Are the Liberals aware that there is already a very strong consensus among everyday Canadians everywhere across the country that Canada needs more pipelines? It has been that way for a long time, but it is growing. It is higher than ever before. The latest data shows 79% of Canadians overall, and guess what. Of Quebeckers, 86% want more pipelines for national energy security and resilience. A supermajority of Canadians are in consensus, so it is time for the Liberals to stop delaying, dithering and dodging if they really mean all their suddenly new and plagiarized words about wanting Canada to be an energy superpower.

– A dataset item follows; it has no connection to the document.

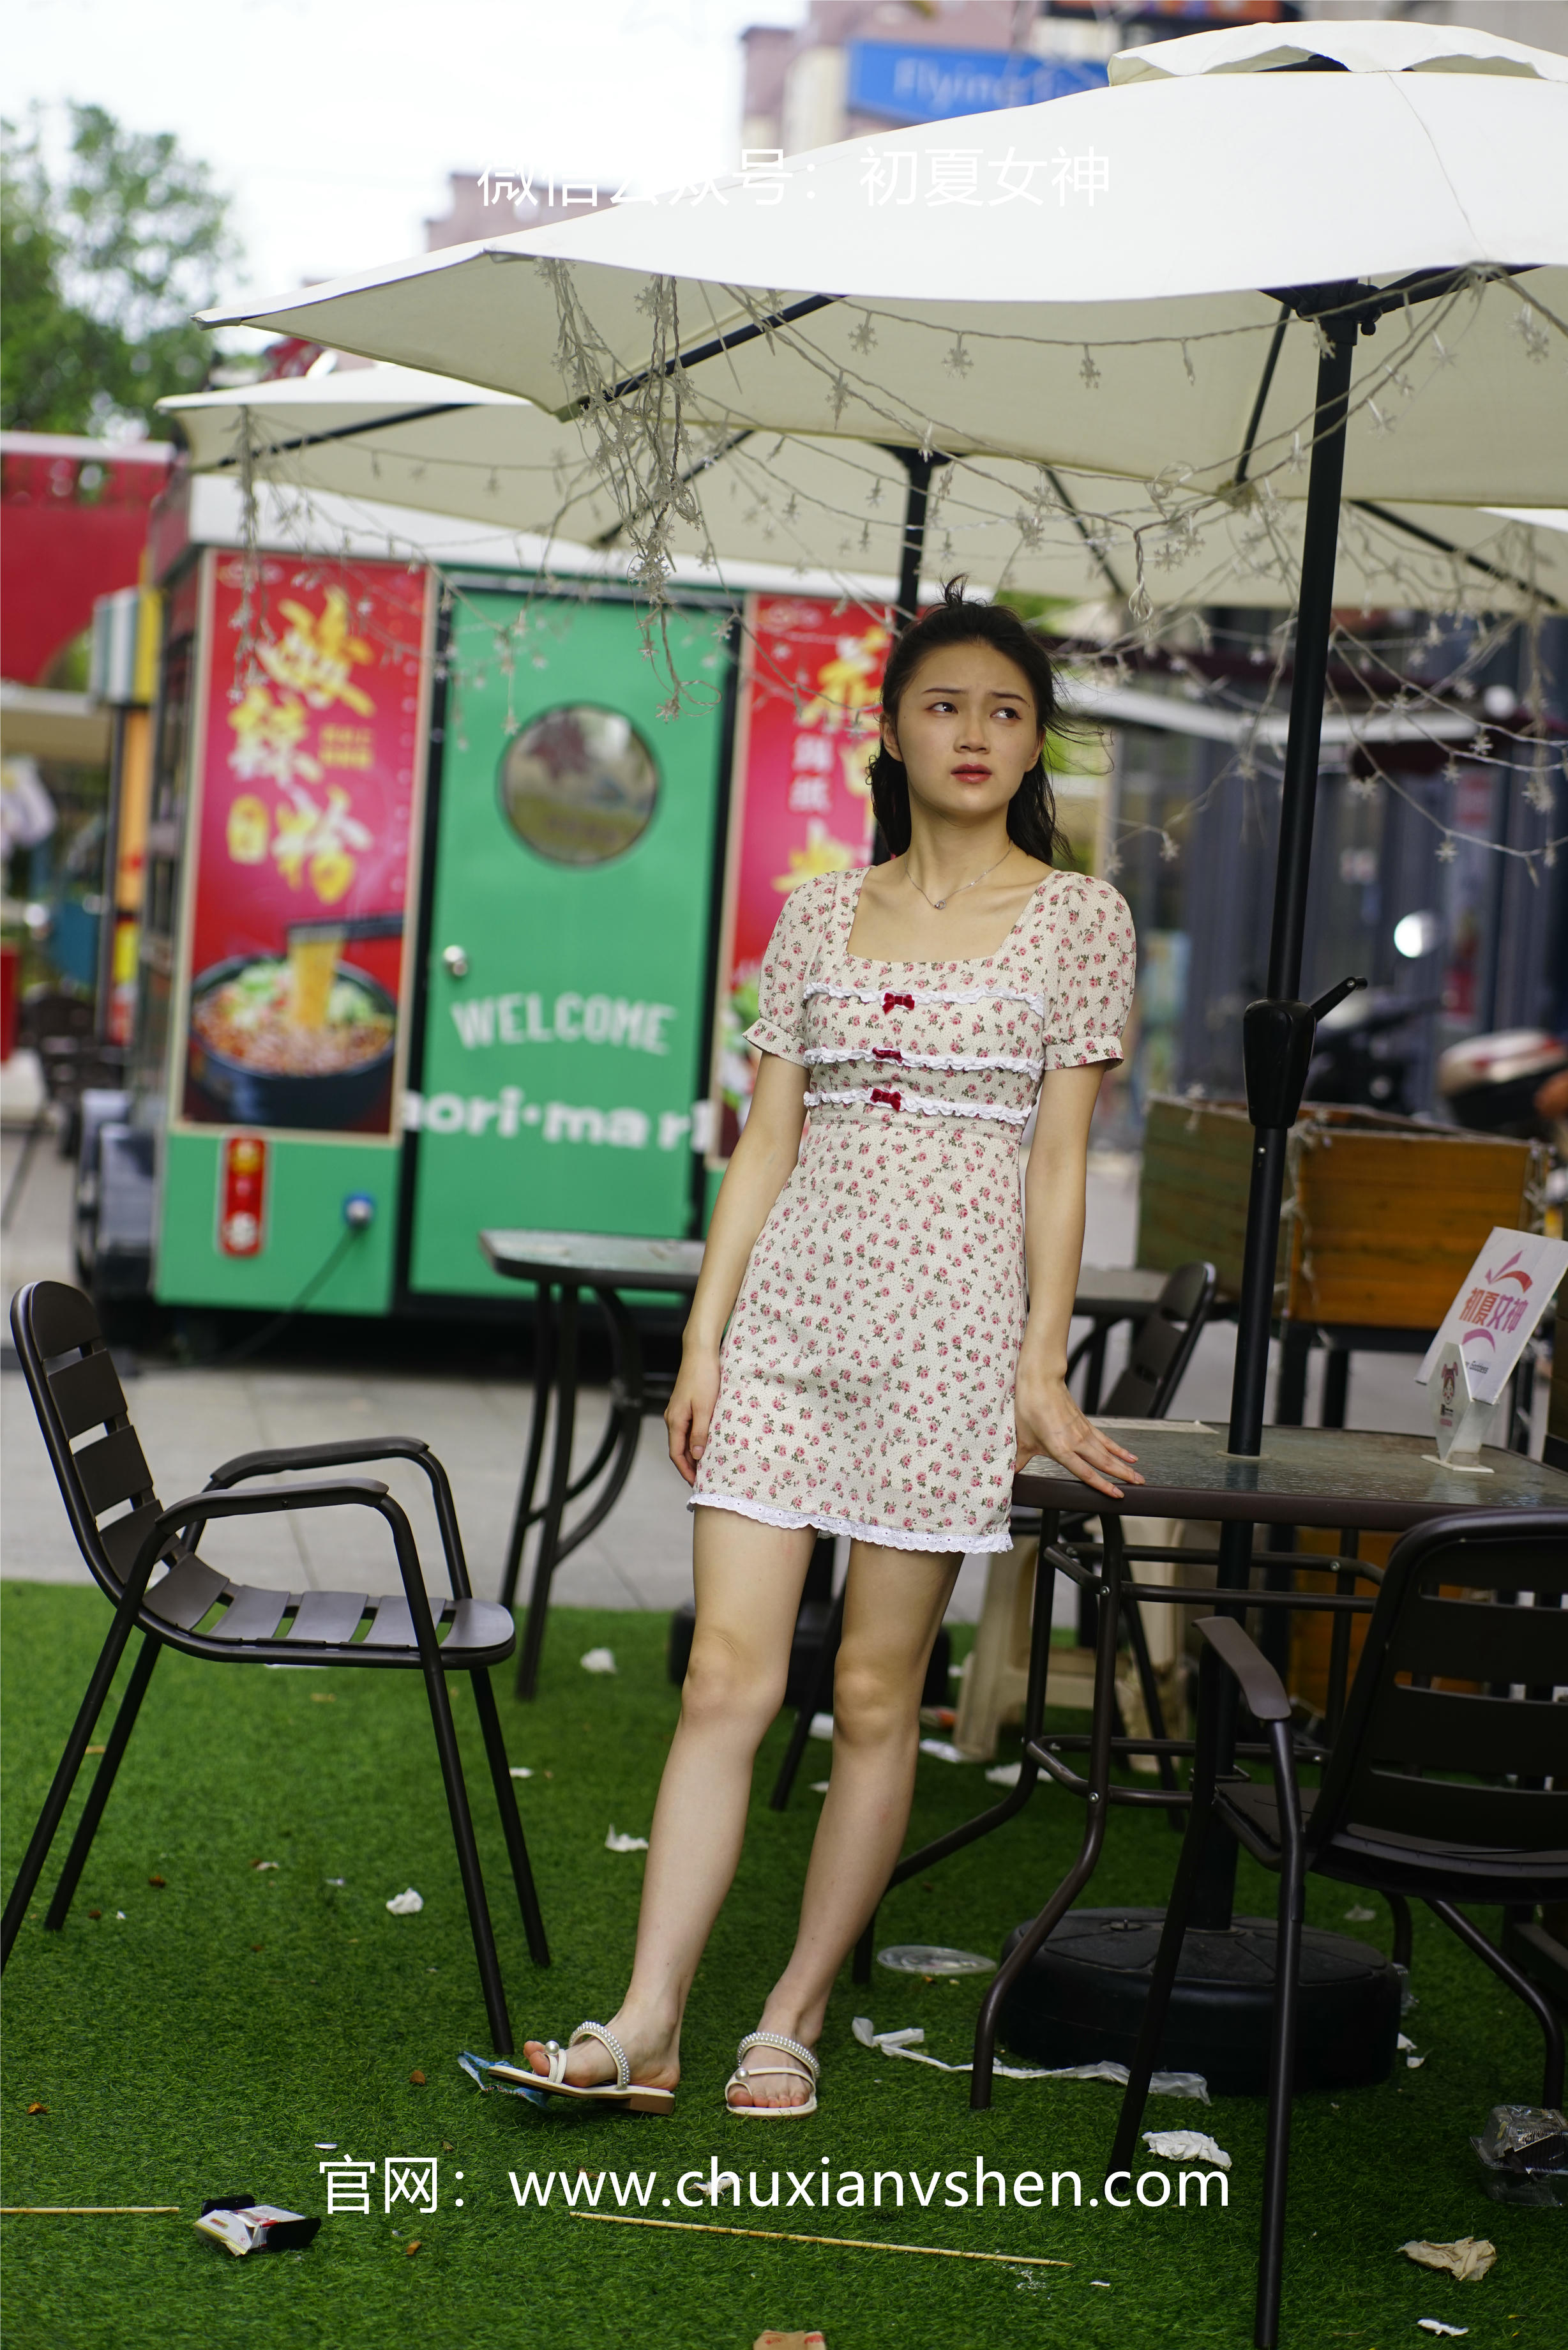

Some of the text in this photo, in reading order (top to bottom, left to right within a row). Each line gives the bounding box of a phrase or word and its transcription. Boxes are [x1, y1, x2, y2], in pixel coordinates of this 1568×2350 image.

[450, 991, 677, 1055] WELCOME
[1459, 1287, 1529, 1334] 初夏女神

Canadians can be forgiven for skepticism about the broad categories for national interest projects that the premiers pushed the Prime Minister and ministers to agree on. On the western Arctic energy corridor, Conservatives have always fought for northerners to make decisions, to get more revenue from resource development and to increase Canada's defence and security capabilities in the north, but the Liberals banned unleashing Arctic energy unilaterally from a different country and indefinitely. They also imposed massive antidevelopment areas that keep northerners from benefiting from their own natural wealth in a place where there is a humanitarian, housing and food crisis and few opportunities for self-sufficiency that are not related to responsible resource development, if only the government would let them develop resources.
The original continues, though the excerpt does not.